EXERCISE: Your copy of the data should match it exactly, except that the pictures are gone.

Extracted records:
_ _ _

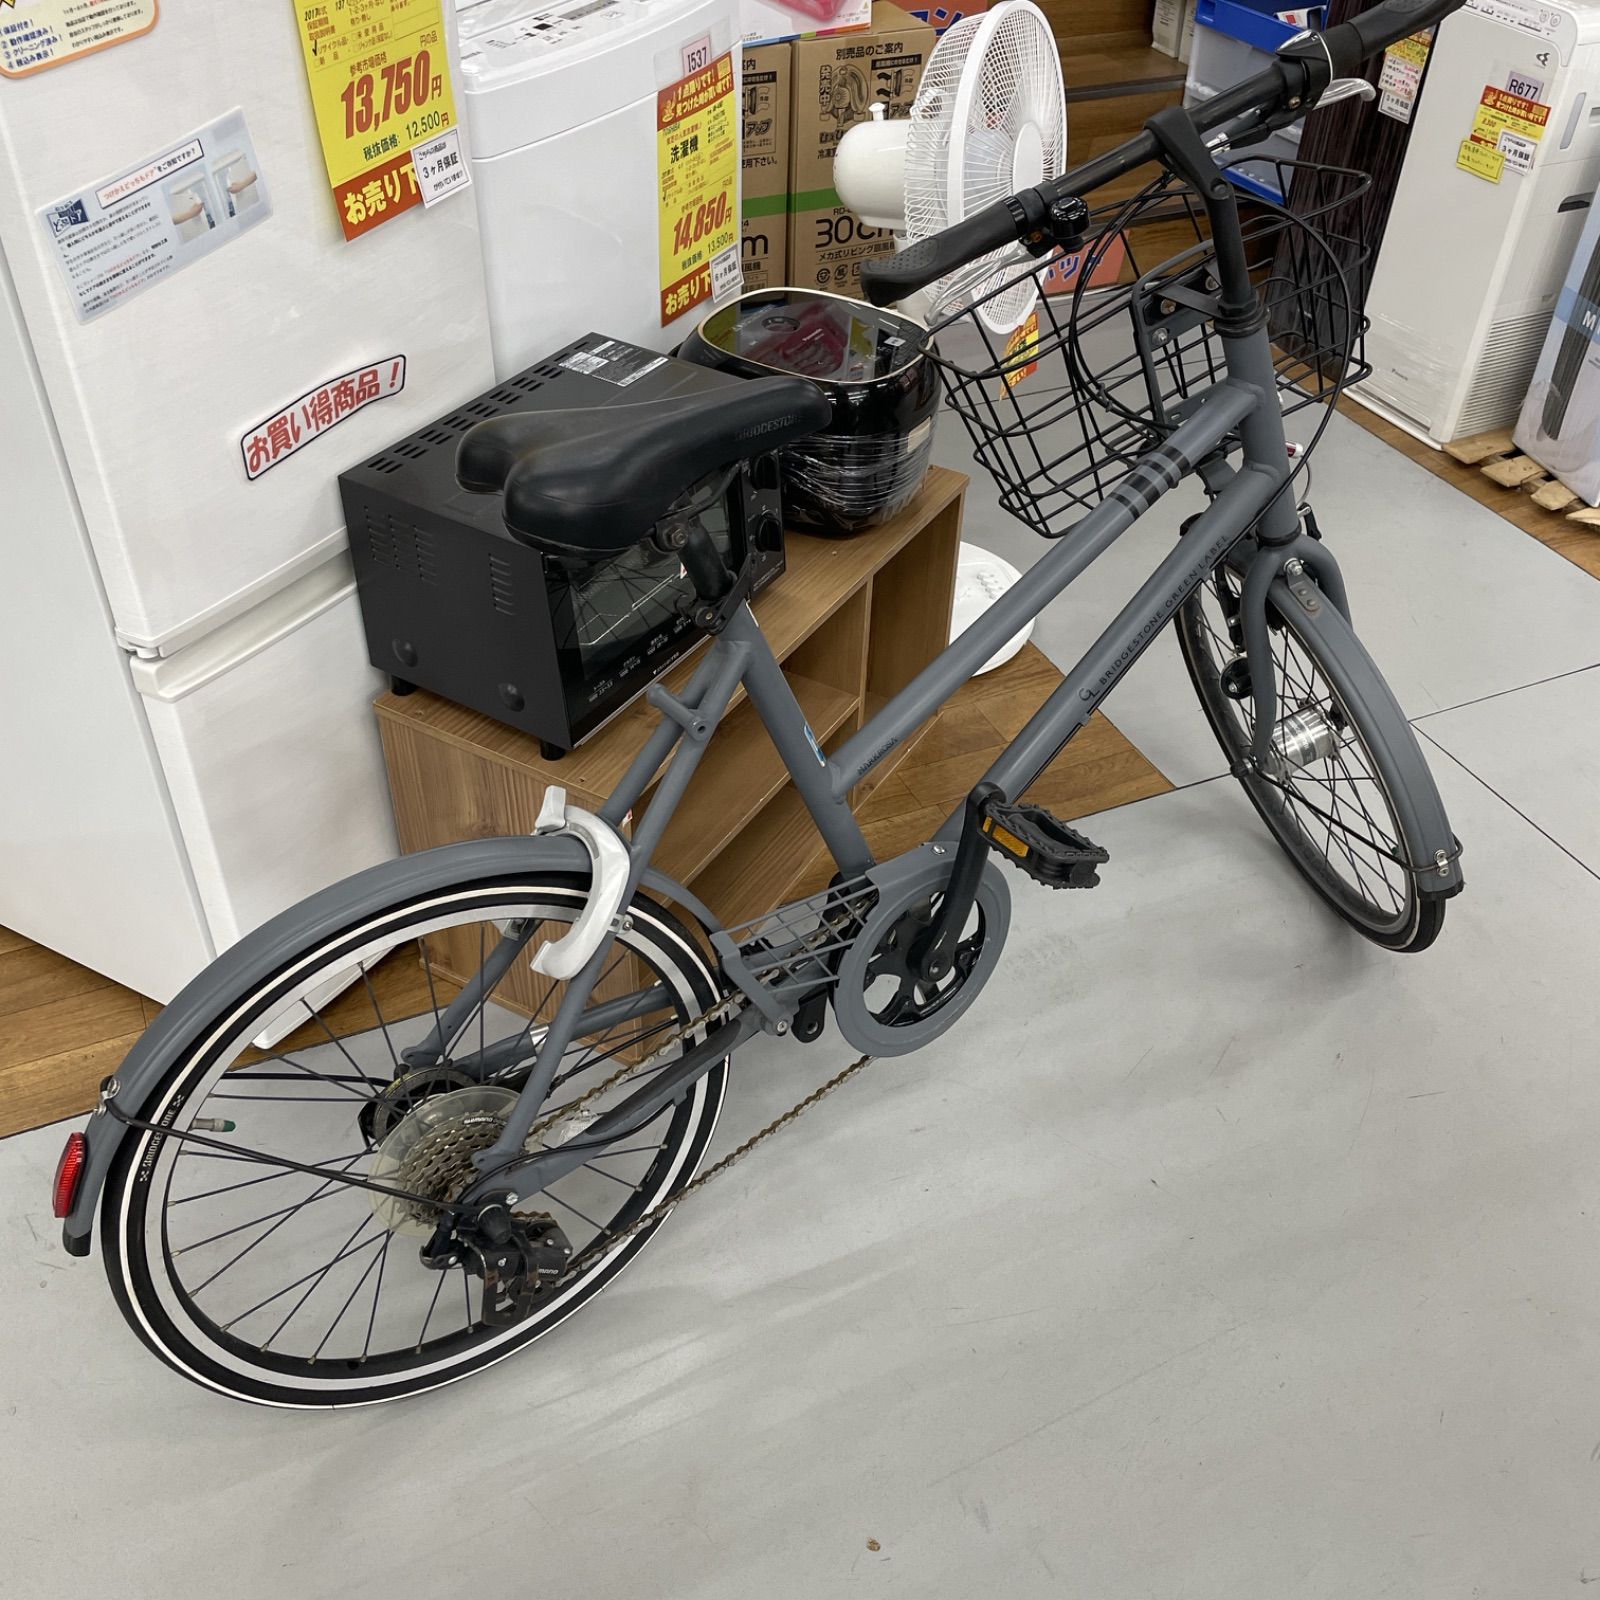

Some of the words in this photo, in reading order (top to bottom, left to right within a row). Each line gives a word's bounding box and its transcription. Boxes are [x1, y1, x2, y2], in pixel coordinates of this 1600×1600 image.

[836, 42, 904, 60] 別売品のご案内
[1508, 79, 1539, 101] R677
[670, 135, 698, 165] 洗濯機
[247, 362, 400, 473] お買い得商品！
[1098, 613, 1164, 685] BRIDGESTONE
[1165, 569, 1198, 608] GREEN
[1198, 535, 1229, 569] LABEL
[464, 1117, 493, 1125] SHIMANO
[142, 1109, 176, 1167] BRIDGEONE
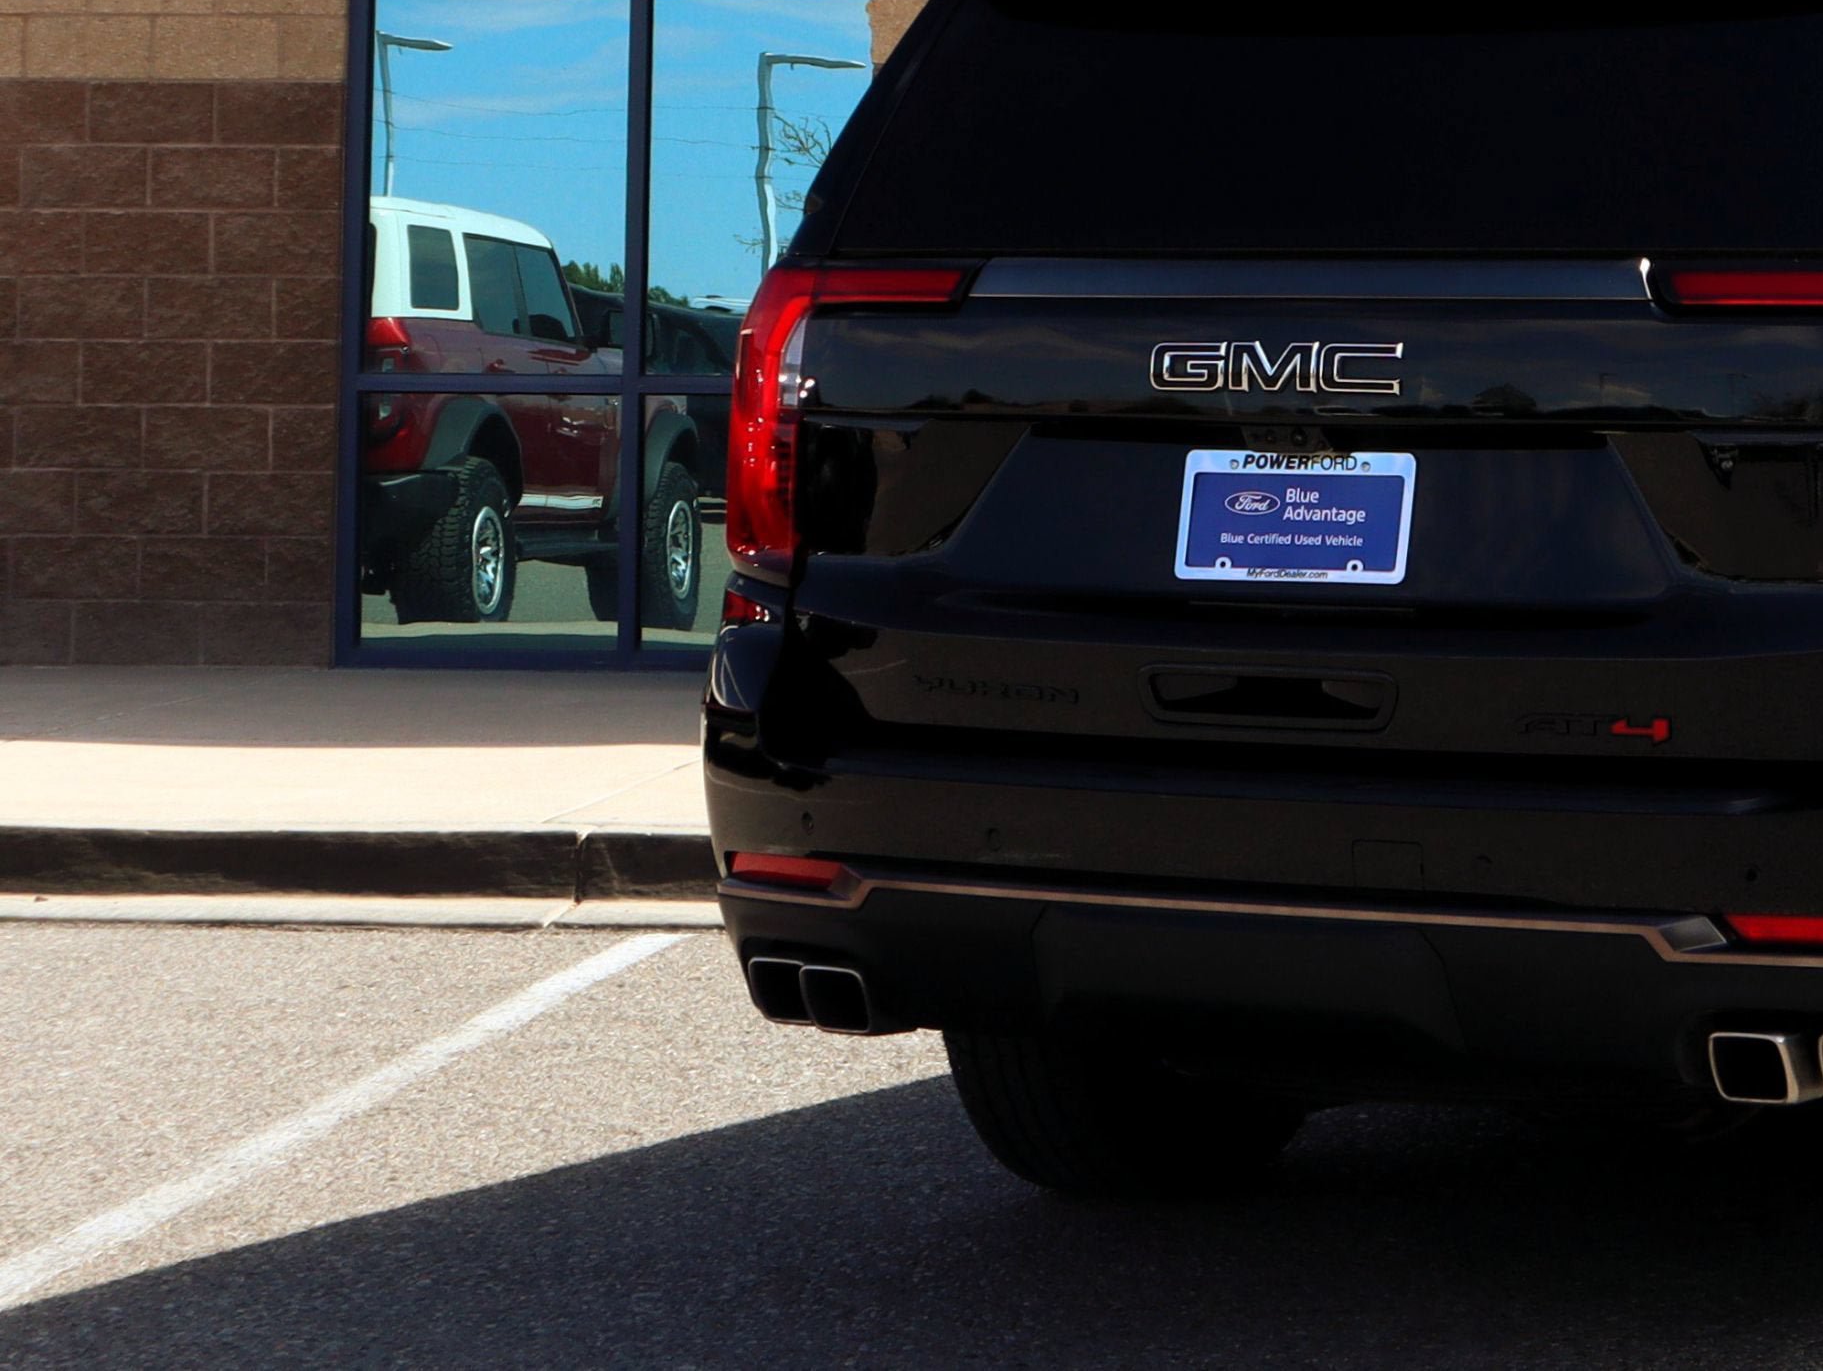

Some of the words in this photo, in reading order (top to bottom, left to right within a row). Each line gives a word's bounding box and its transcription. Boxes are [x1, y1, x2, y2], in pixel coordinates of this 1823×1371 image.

[1150, 340, 1404, 396] GMC
[1234, 494, 1272, 511] Ford
[1285, 487, 1320, 504] Blue
[1282, 505, 1366, 524] Advantage
[1220, 532, 1243, 544] Blue
[1247, 532, 1291, 546] Certified
[1294, 533, 1322, 546] Used
[1325, 534, 1364, 547] Vehicle
[1246, 567, 1329, 580] MyFordDealer.com
[1515, 712, 1673, 747] AT4
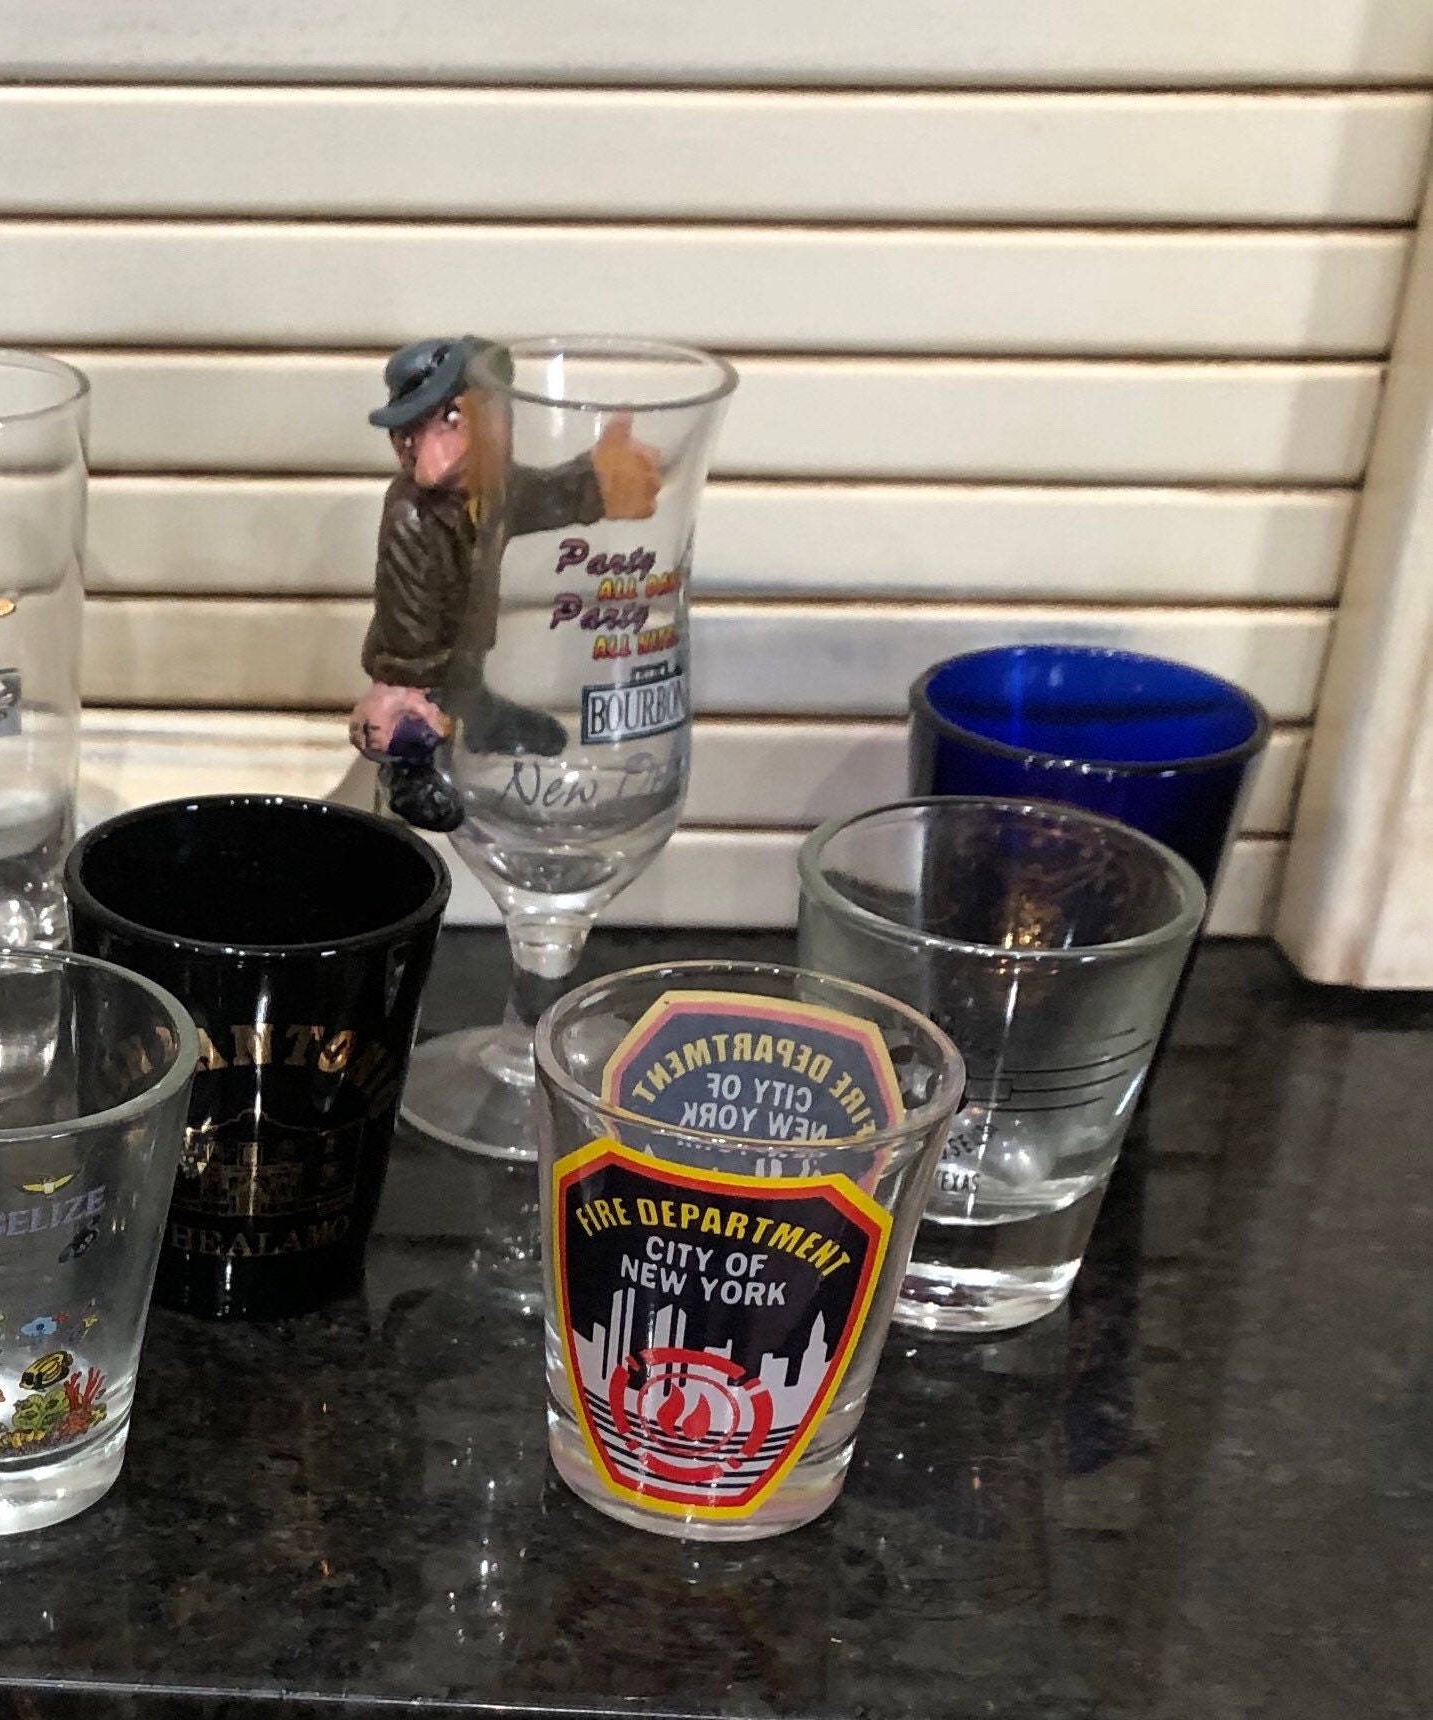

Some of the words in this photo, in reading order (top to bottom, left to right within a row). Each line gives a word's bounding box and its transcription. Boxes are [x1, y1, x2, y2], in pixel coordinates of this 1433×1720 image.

_ _ _

SOLUTION:
Some of the words in this photo, in reading order (top to bottom, left to right within a row). Each line gives a word's bounding box and its transcription. Boxes are [x1, y1, x2, y2], in pixel coordinates of this 1600×1600 image.

[836, 42, 904, 60] 別売品のご案内
[1508, 79, 1539, 101] R677
[670, 135, 698, 165] 洗濯機
[247, 362, 400, 473] お買い得商品！
[1098, 613, 1164, 685] BRIDGESTONE
[1165, 569, 1198, 608] GREEN
[1198, 535, 1229, 569] LABEL
[464, 1117, 493, 1125] SHIMANO
[142, 1109, 176, 1167] BRIDGEONE

Some of the words in this photo, in reading order (top to bottom, left to right within a row). Each line gives a word's bounding box and its transcription. Boxes are [x1, y1, x2, y2], in pixel coordinates of this 1823×1371 image.

[1150, 340, 1404, 396] GMC
[1234, 494, 1272, 511] Ford
[1285, 487, 1320, 504] Blue
[1282, 505, 1366, 524] Advantage
[1220, 532, 1243, 544] Blue
[1247, 532, 1291, 546] Certified
[1294, 533, 1322, 546] Used
[1325, 534, 1364, 547] Vehicle
[1246, 567, 1329, 580] MyFordDealer.com
[1515, 712, 1673, 747] AT4

Some of the words in this photo, in reading order (top to bottom, left to right within a row). Each line gives a word's bounding box and its transcription. Boxes are [x1, y1, x2, y2], in pixel coordinates of this 1433×1720 image.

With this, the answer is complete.